## Available data

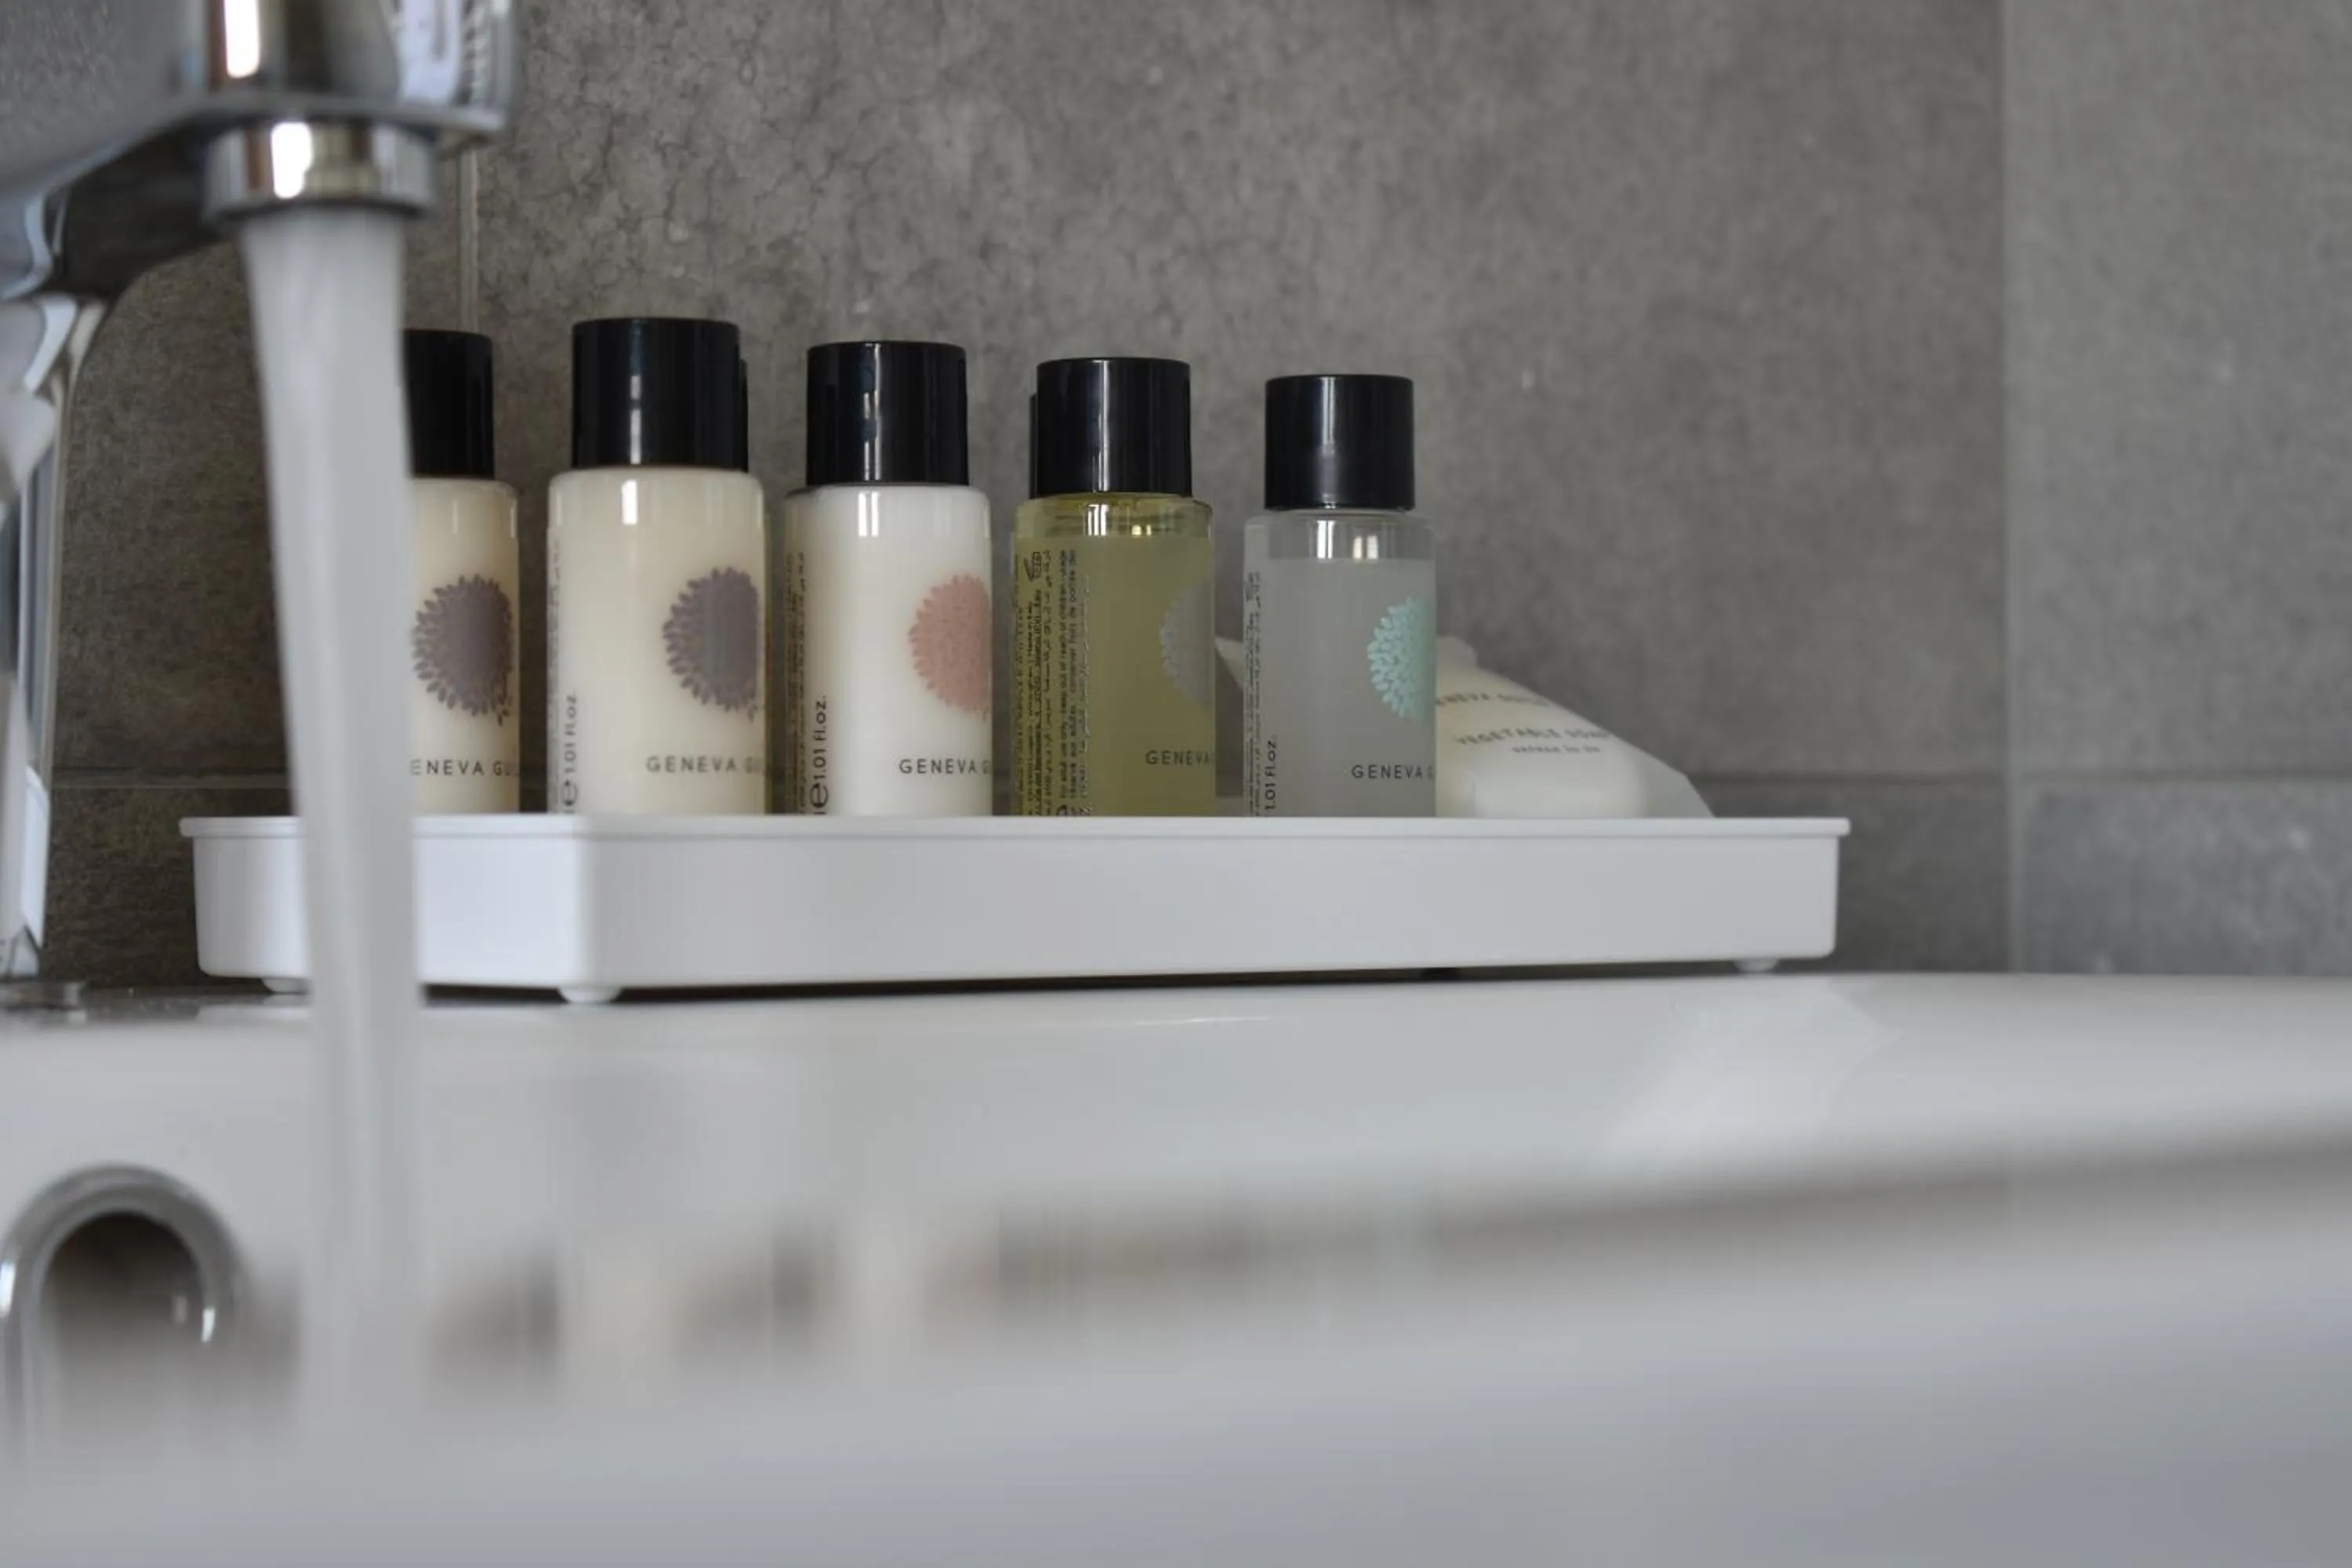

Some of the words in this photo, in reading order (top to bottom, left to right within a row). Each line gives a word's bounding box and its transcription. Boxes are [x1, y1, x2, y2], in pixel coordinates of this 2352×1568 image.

[409, 758, 485, 776] ENEVA
[645, 755, 737, 774] GENEVA
[812, 749, 826, 781] 1.01
[899, 757, 978, 775] GENEVA
[1145, 750, 1210, 766] GENEVA
[1351, 764, 1423, 779] GENEVA

## Try it
Your reply should restate the data above word for word and contain no pictures.

## Output for this exercise
Some of the words in this photo, in reading order (top to bottom, left to right within a row). Each line gives a word's bounding box and its transcription. Boxes are [x1, y1, x2, y2], in pixel coordinates of this 2352×1568 image.

[409, 758, 485, 776] ENEVA
[645, 755, 737, 774] GENEVA
[812, 749, 826, 781] 1.01
[899, 757, 978, 775] GENEVA
[1145, 750, 1210, 766] GENEVA
[1351, 764, 1423, 779] GENEVA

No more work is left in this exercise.